数日後、ガルドとクレアからの手紙が届いた。フィーネが受け取り、皆の前で読み上げる。
「村に着いた。思ったより、何も変わっていない。井戸の位置も、教会の鐘の音も、記憶のままだった」
手紙の文面は、いつものガルドらしくない、丁寧な字で綴られていた。
「弟の墓は、村外れの小さな丘にあった。名前と生まれた年と、死んだ年だけが刻まれた小さな墓標だった」
「クレアが祈りの言葉を捧げてくれた。俺はうまく言葉が出なかったが、それでよかったんだと思う。伝えたいことは、言葉にしなくても届いた気がした」
手紙の最後に、短い一文が添えられていた。
「イチに伝えてくれ。お前が見つけてくれる勝ち筋のおかげで、俺はまた誰かを守れる場所に立てている。弟に、そう報告してきた」
その一文を読んで、俺はしばらく何も言えなかった。
「よかったですね」
ヒカリが静かに言う。
「ああ」
「ガルドさんの中で、何かがちゃんと終わったんだと思います」
「終わった、というより、始まったんだと思う」
俺の言葉に、ヒカリが小さく頷いた。
「そうですね。守りたい理由が、後悔からこれからのものに変わったんだと思います」
その言い方は、いつになく的確だった。半年前のヒカリなら、こういう言葉選びはしなかっただろう。誰かの心の機微を見抜く力も、彼女はこの半年で着実に育てていた。
一週間後、ガルドとクレアが街に戻ってきた。二人とも、旅立つ前より少しだけ晴れやかな顔をしていた。
「ただいま。長い休暇、悪かったな」
「気にするな。お前の休暇くらい、いくらでも待つ」
俺が言うと、ガルドは大剣を担ぎ直して、少し照れくさそうに笑った。
「弟の墓、綺麗にしてきた。花も供えてきたし、村の連中にも顔を出してきた」
「良かったな」
「ああ。それとな」
ガルドは少し声を落として続けた。
「村を出るとき、村長に言われたんだ。お前は立派になった、って。昔は喧嘩ばかりの悪ガキだったのに、今じゃ勇者パーティーの一員だ、ってな」
「事実だろ」
「事実だが、面と向かって言われると、妙に照れるもんだな」
ガルドはそう言って、頭をかいた。

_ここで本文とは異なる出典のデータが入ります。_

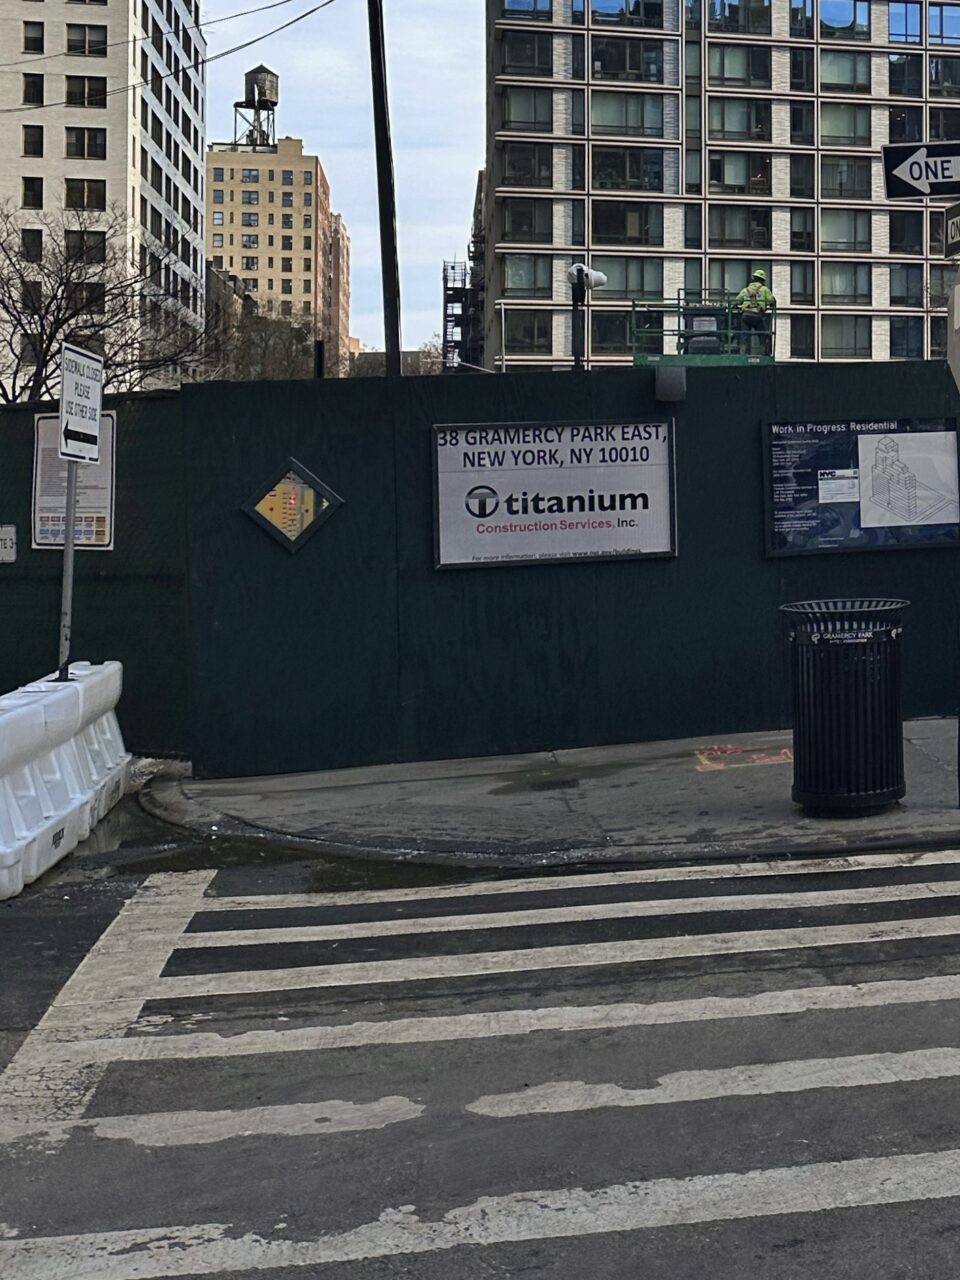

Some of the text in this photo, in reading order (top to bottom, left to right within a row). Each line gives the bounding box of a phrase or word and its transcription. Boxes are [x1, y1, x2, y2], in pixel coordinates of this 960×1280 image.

その仕草には、以前のような影がすっかり抜け落ちていた。
その夜、宿の食堂で久しぶりに五人が揃った。ヒカリの隣にいる俺の席にも、誰も特に触れなくなっている。それが今の日常の形だった。
「そういえば、あの男の姿、最近見ませんね」
クレアがふと口にする。
「大人しくしてるってことか」
「あるいは、次の一手を練ってるだけかもしれません」
フィーネの言葉に、食卓の空気がわずかに引き締まった。だが誰もそれ以上その話を続けはしなかった。今夜は、ガルドの帰還を祝う夜だった。

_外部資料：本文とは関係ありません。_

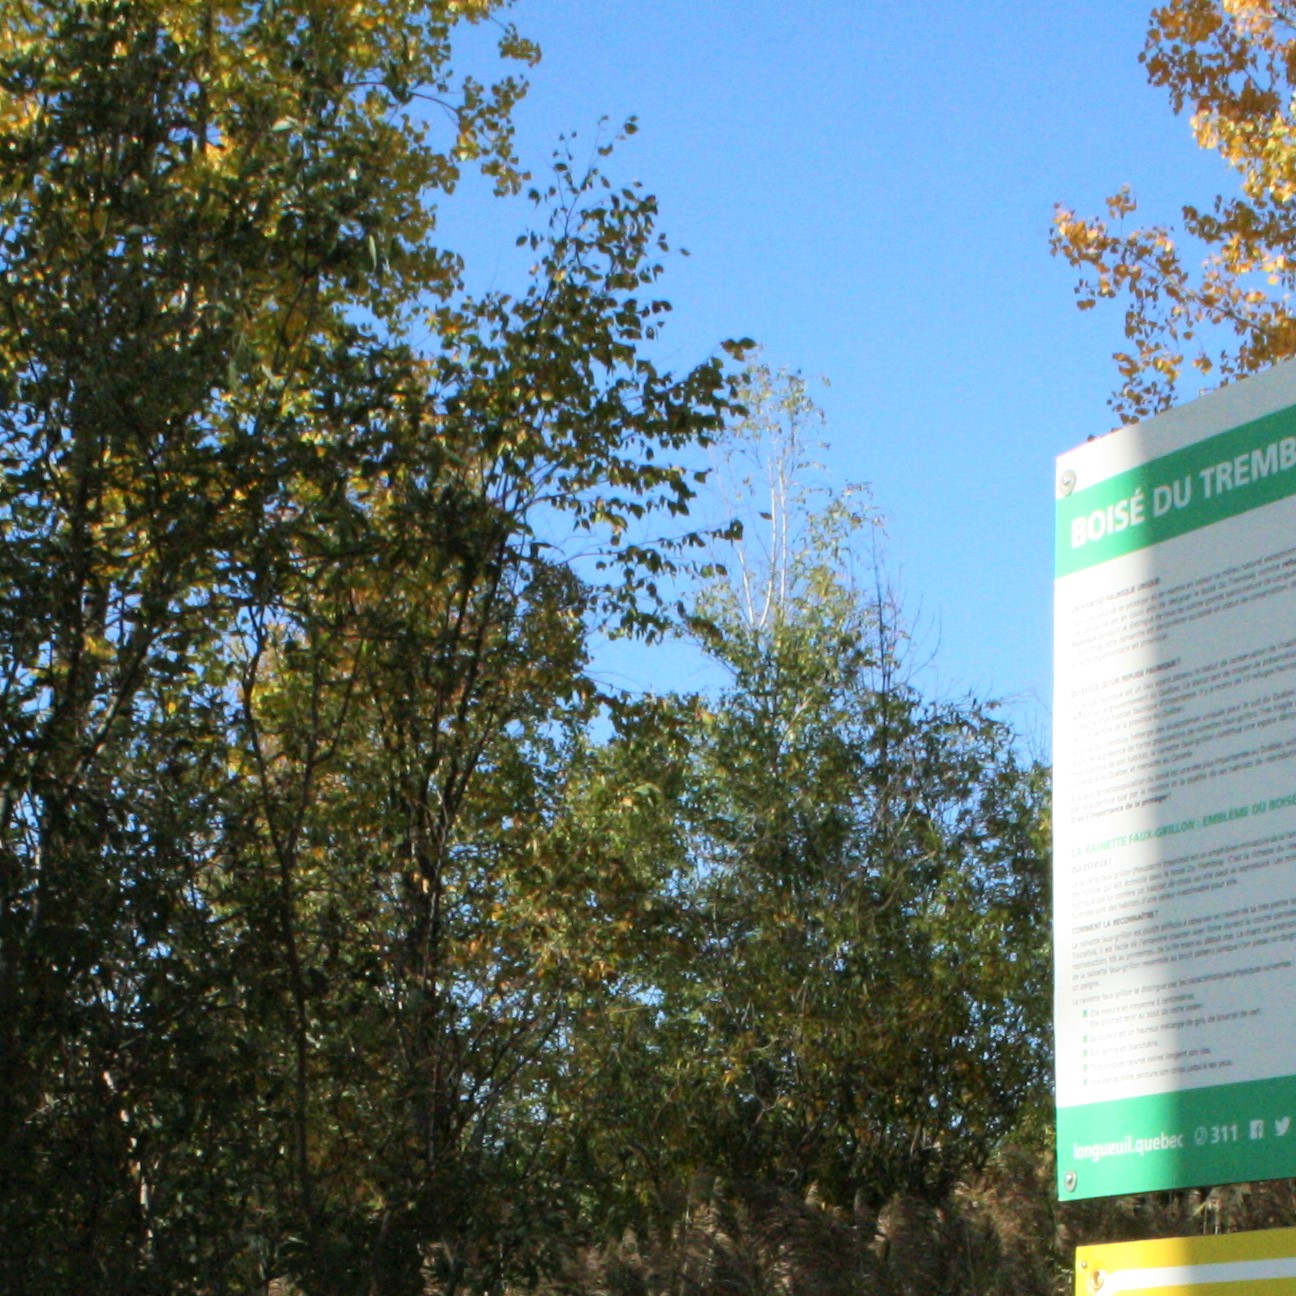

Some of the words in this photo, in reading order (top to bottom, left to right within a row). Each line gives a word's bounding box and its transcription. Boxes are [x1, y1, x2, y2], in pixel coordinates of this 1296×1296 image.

[1070, 487, 1144, 549] BOISÉ
[1153, 474, 1191, 519] DU
[1072, 1131, 1184, 1162] longueuil.quebec
[1209, 1124, 1238, 1144] 311

窓の外、山村から戻ってきたばかりの空気が、まだ少し街の匂いに馴染みきっていない気がした。それでも、五人揃ったこの食卓は、半年前には想像もつかなかった確かな温かさを持っていた。誰かの過去に一つの区切りがつき、また新しい一日が積み重なっていく。その積み重ねの中に、俺たちは今、確かに立っていた。